図2 工場のネットワークのイメージ 図2 工場のネットワークのイメージ[クリックで拡大]出所:CC-Link協会

 はじめにガイドラインでは「スマートマニュファクチャリング」と合わせて「スマート化」についても次のように定義されています。

スマート化:デジタル技術の進展による膨大なデータの収集蓄積能力、蓄積データの圧倒的情報処理能力、瞬時の情報連携能力を背景に、さまざまな状況における遅滞のない意思決定をサポートすること、意思決定情報を元に実際の物(や人)の行動のコントロール(制御)につなげること

スマートマニュファクチャリング:データとデジタル技術を活用して、自社内のマニュファクチャリングに関する各チェーンを横断して最適化を図ること。すなわち、デジタル技術を媒介としたデータを活用し、マニュファクチャリングチェーンのさまざまな意思決定と制御を加速させる取り組み

 ガイドラインでは、スマートマニュファクチャリングを形成するデジタル技術についても、以下の7つの機能に整理されています。
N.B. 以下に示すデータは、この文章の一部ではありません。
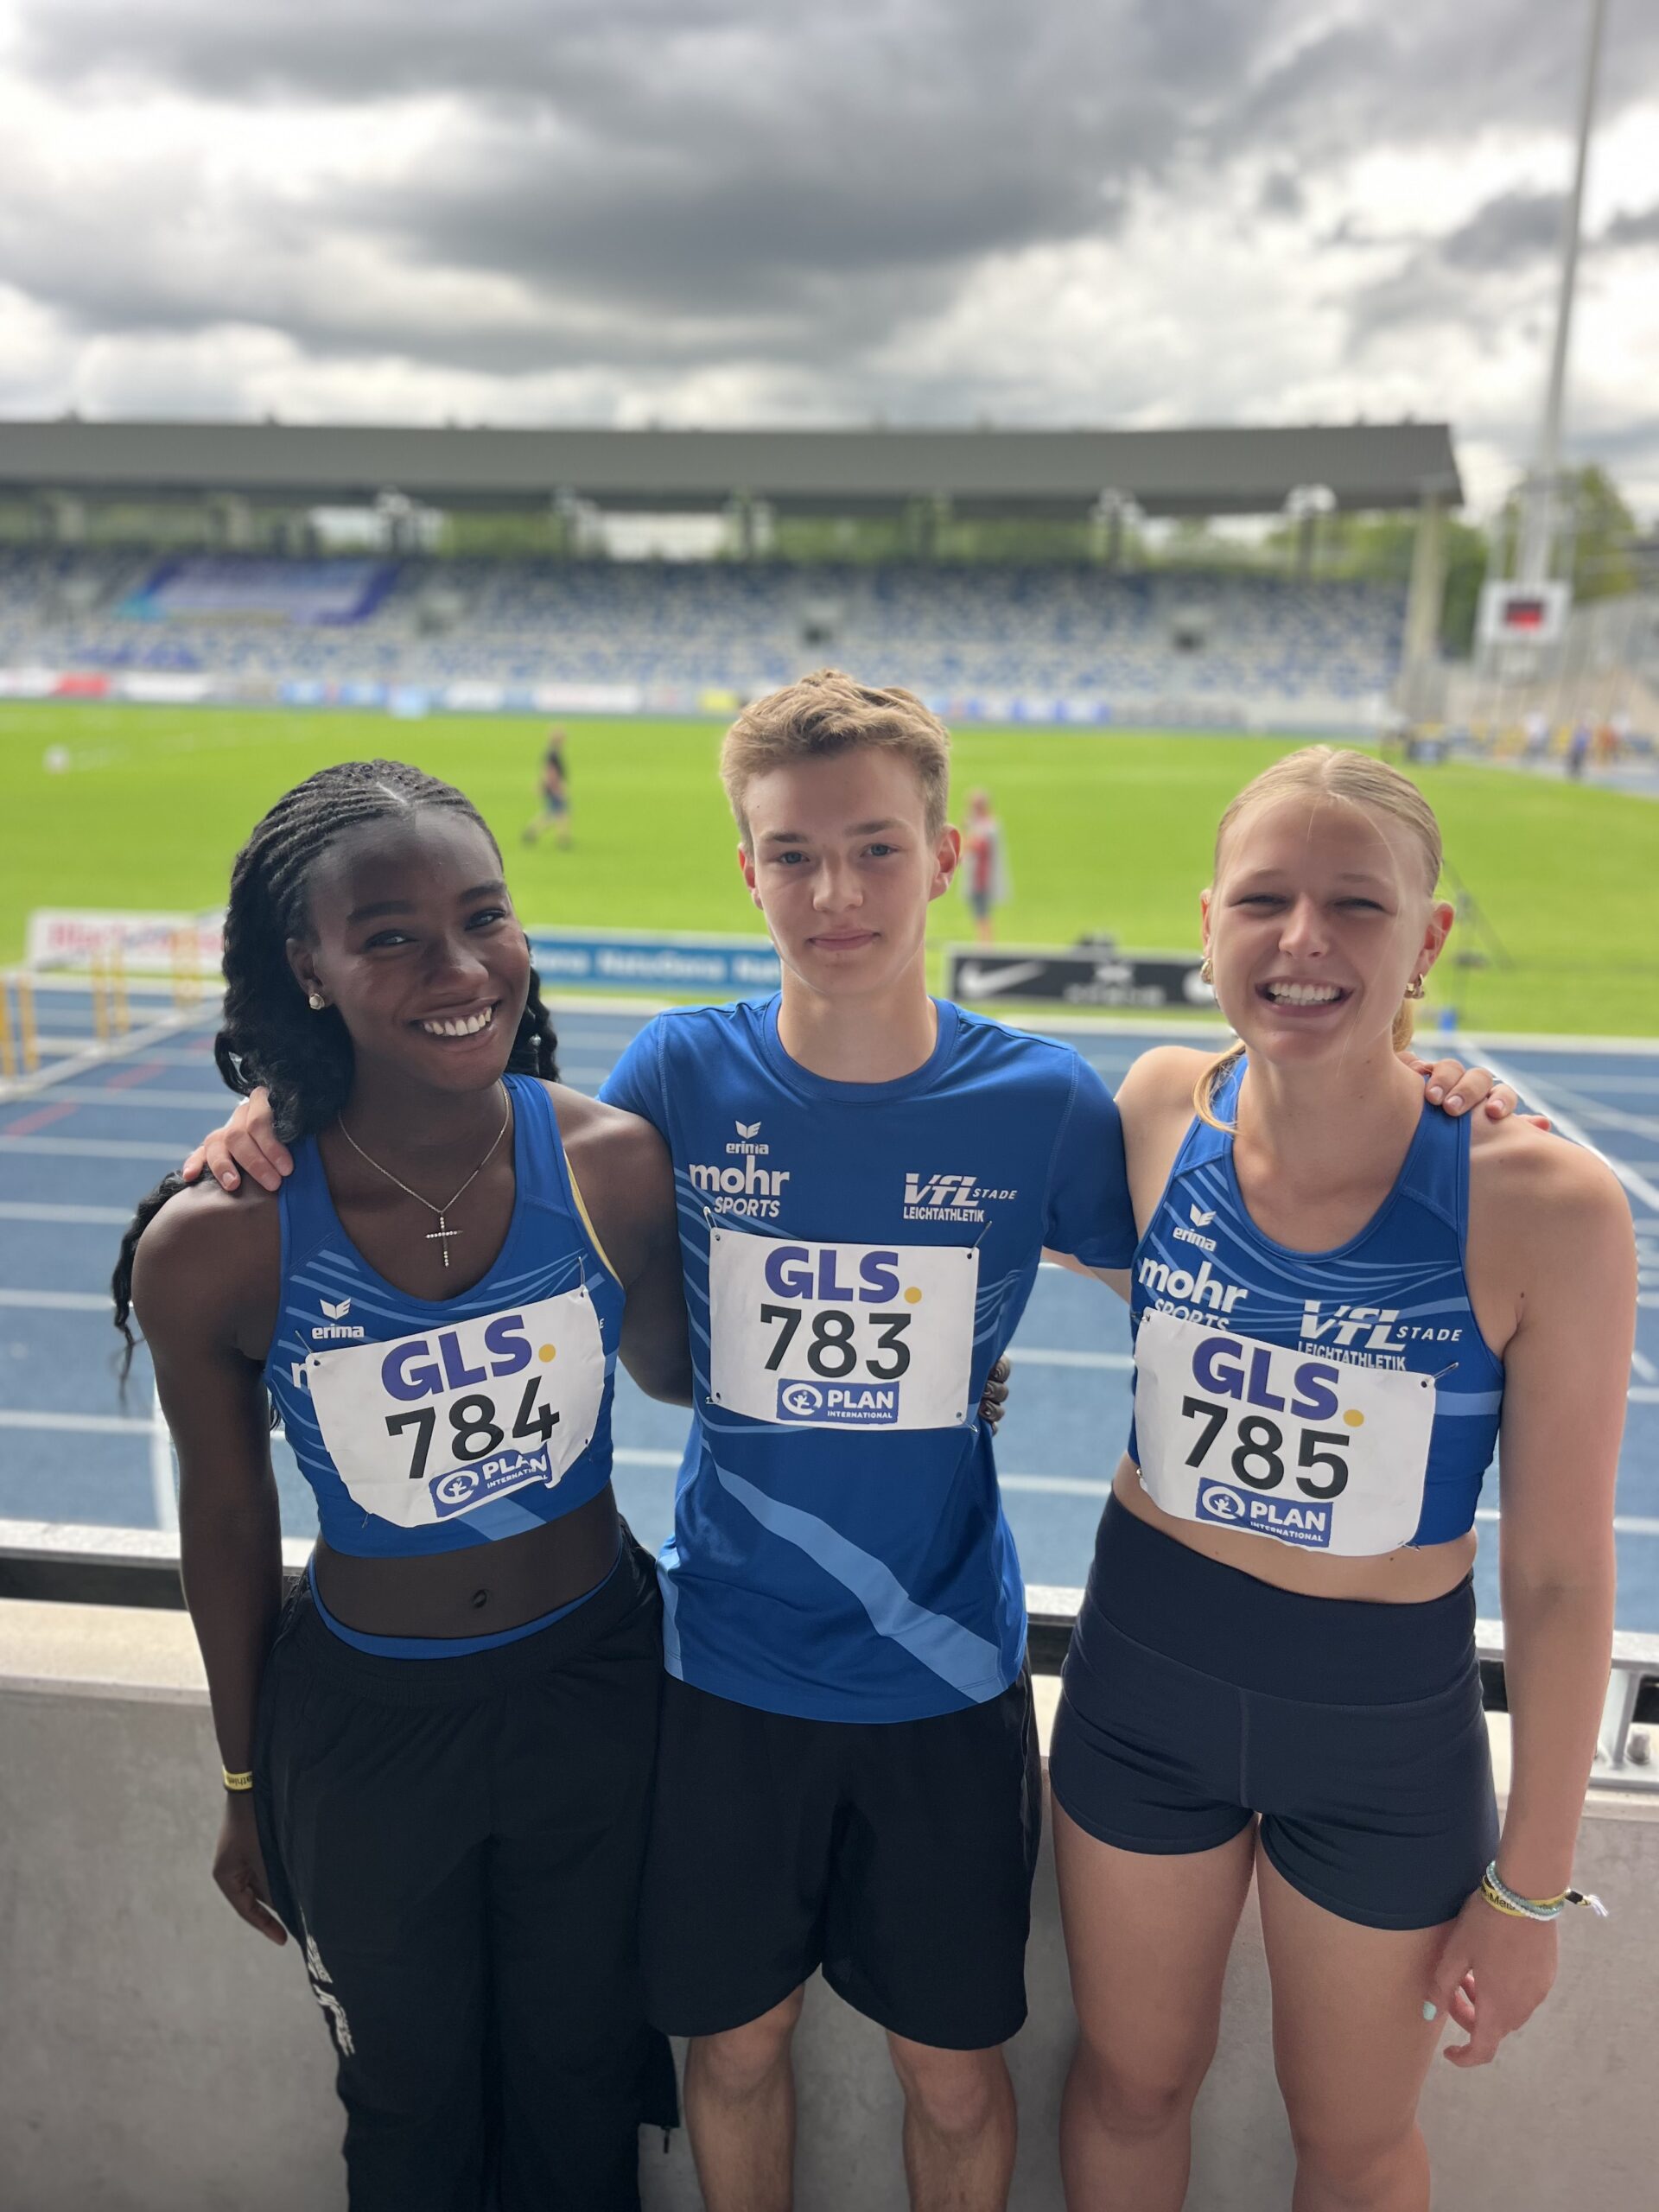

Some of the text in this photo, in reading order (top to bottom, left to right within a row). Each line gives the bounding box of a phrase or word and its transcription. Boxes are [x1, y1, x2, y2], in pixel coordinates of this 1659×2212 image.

[726, 1141, 769, 1154] erima
[689, 1154, 790, 1197] mohr
[904, 1173, 1018, 1207] VfL STADE
[714, 1196, 781, 1217] SPORTS
[903, 1206, 984, 1223] LEICHTATHLETIK
[1173, 1226, 1217, 1252] erima
[1138, 1257, 1249, 1313] mohr
[312, 1323, 365, 1339] erima
[1300, 1299, 1463, 1351] VfL STADE
[760, 1303, 912, 1380] 783
[828, 1389, 894, 1409] PLAN
[385, 1375, 560, 1479] 784
[827, 1410, 893, 1419] INTERNATIONAL
[1181, 1395, 1351, 1500] 785
[482, 1454, 548, 1480] PLAN
[1249, 1500, 1325, 1532] PLAN
[1250, 1521, 1324, 1542] INTERNATIONAL
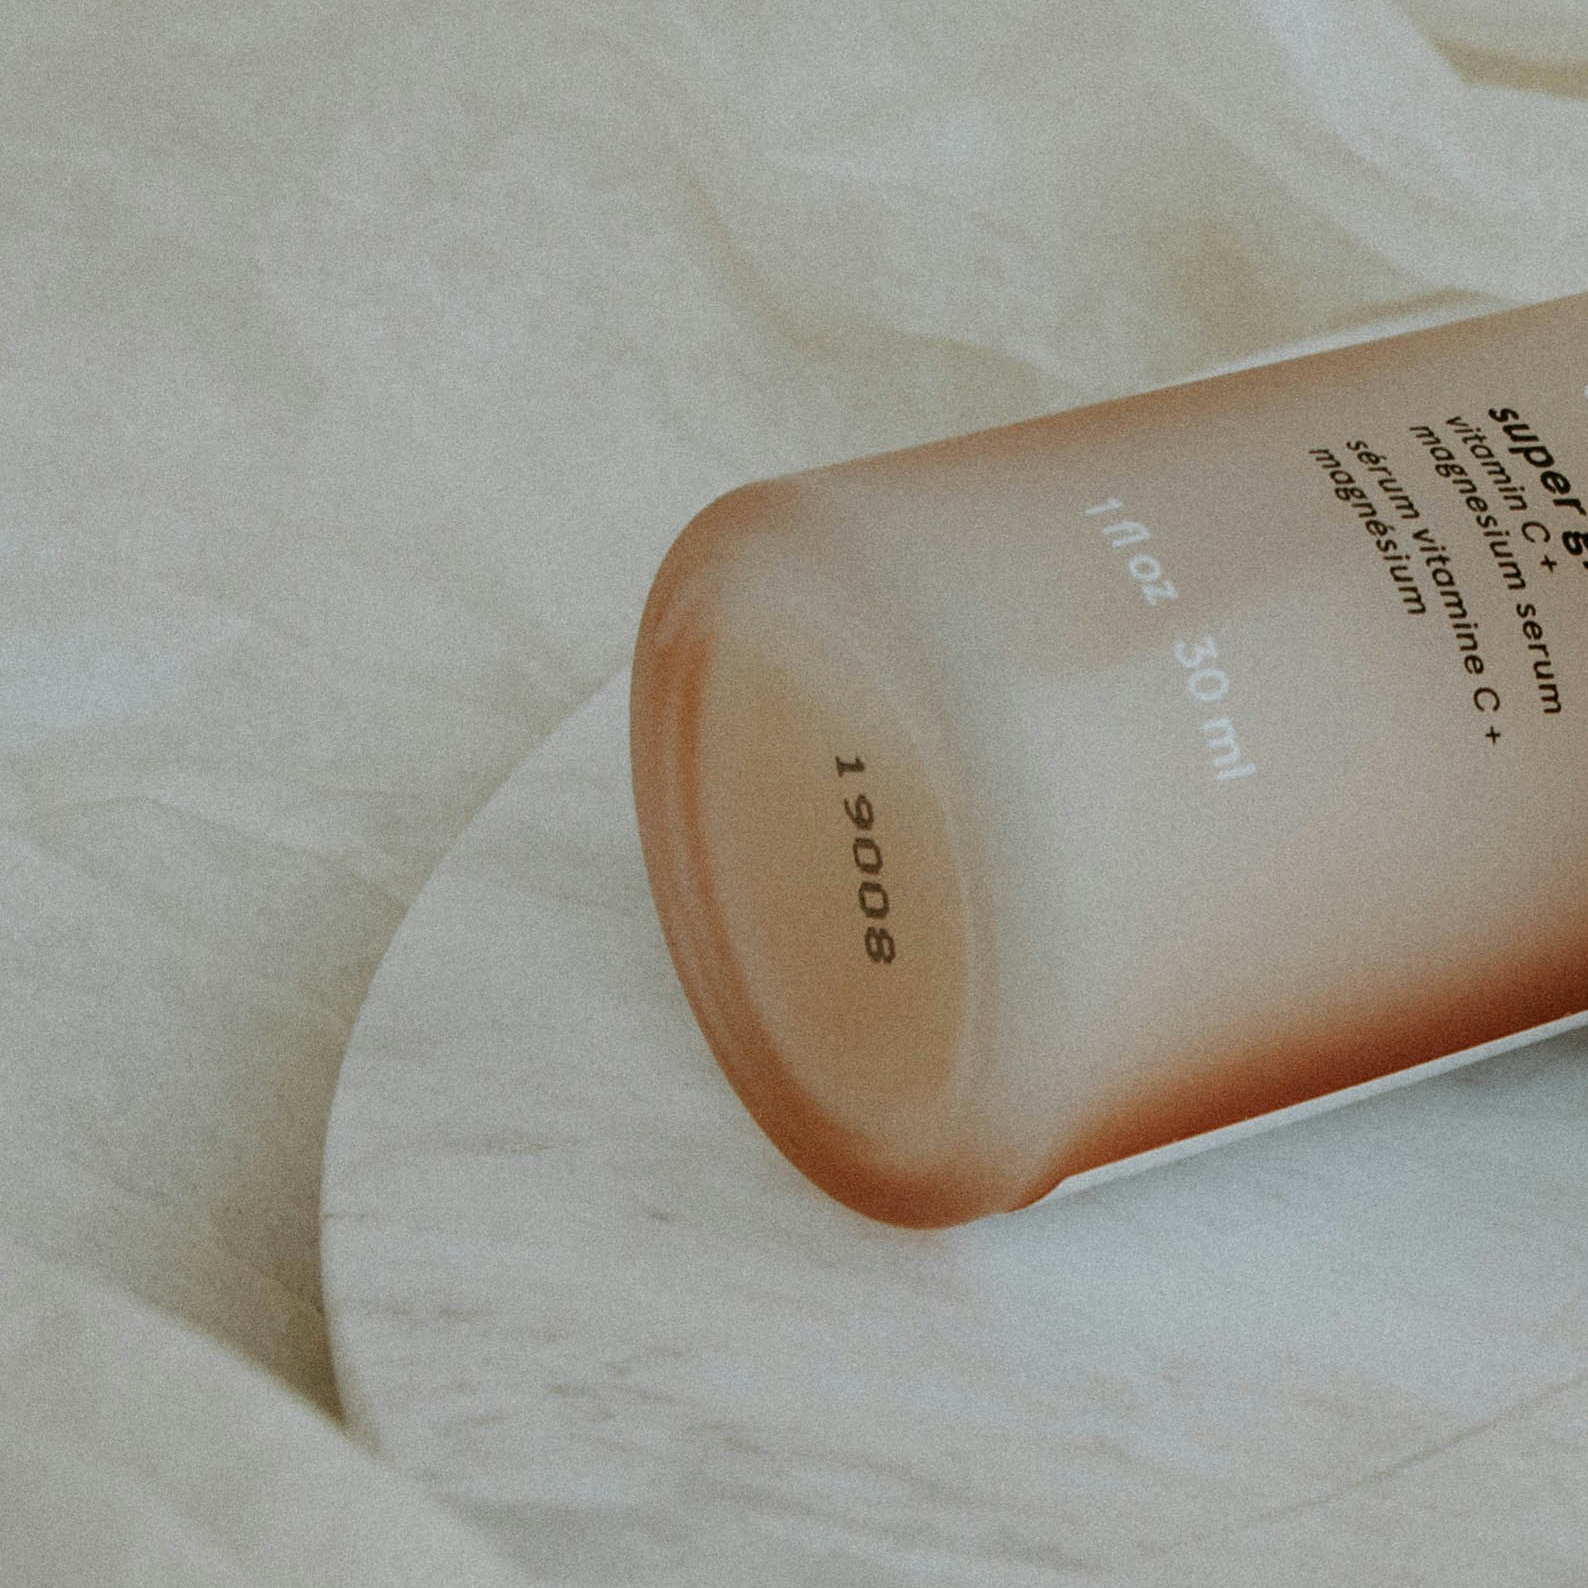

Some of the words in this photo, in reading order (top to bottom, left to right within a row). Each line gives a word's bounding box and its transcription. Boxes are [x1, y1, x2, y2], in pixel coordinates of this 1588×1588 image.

[1308, 447, 1427, 615] magnésium
[1446, 415, 1528, 512] vitamin
[1521, 520, 1551, 543] C
[1488, 406, 1587, 518] super
[1129, 555, 1178, 605] oz
[1174, 636, 1230, 701] 30
[1203, 717, 1255, 781] ml
[1346, 439, 1420, 521] sérum
[1412, 528, 1485, 676] vitamine
[1473, 686, 1501, 712] C
[1410, 424, 1526, 591] magnesium
[1516, 603, 1562, 715] serum
[835, 756, 896, 964] 19008
図3 スマートマニュファクチャリングを形成するデジタル技術 図3 スマートマニュファクチャリングを形成するデジタル技術[クリックで拡大]出所:NEDO

 スマート化の成熟度の進展について、より良質な情報を蓄積、共有、活用できるかが課題であるとあり、センサーやコントローラーなどそれぞれの機器の性能だけでなく、産業用ネットワークのつなぐ力が、これらの機能、つまりスマートマニュファクチャリングを成り立たせる上で、必要不可欠なものとなっています。

 CC-Link IE TSNが世界で初めて産業用ネットワークに採用したTSN技術は、正確なタイムスタンプ情報を現場データに付加し、高速高精度な同期制御と同時に、複数のプロトコルを時分割方式で同一幹線上に混在でき、データ分析に必要な情報収集を実現できることが特長です。

 これにより、CC-Link IE TSNは、図2で示した上位のITシステムから製造現場のFAシステムまでシームレスに連携できるだけでなく、高度なモーション制御に代表される高精度な制御通信の実現を両立できます。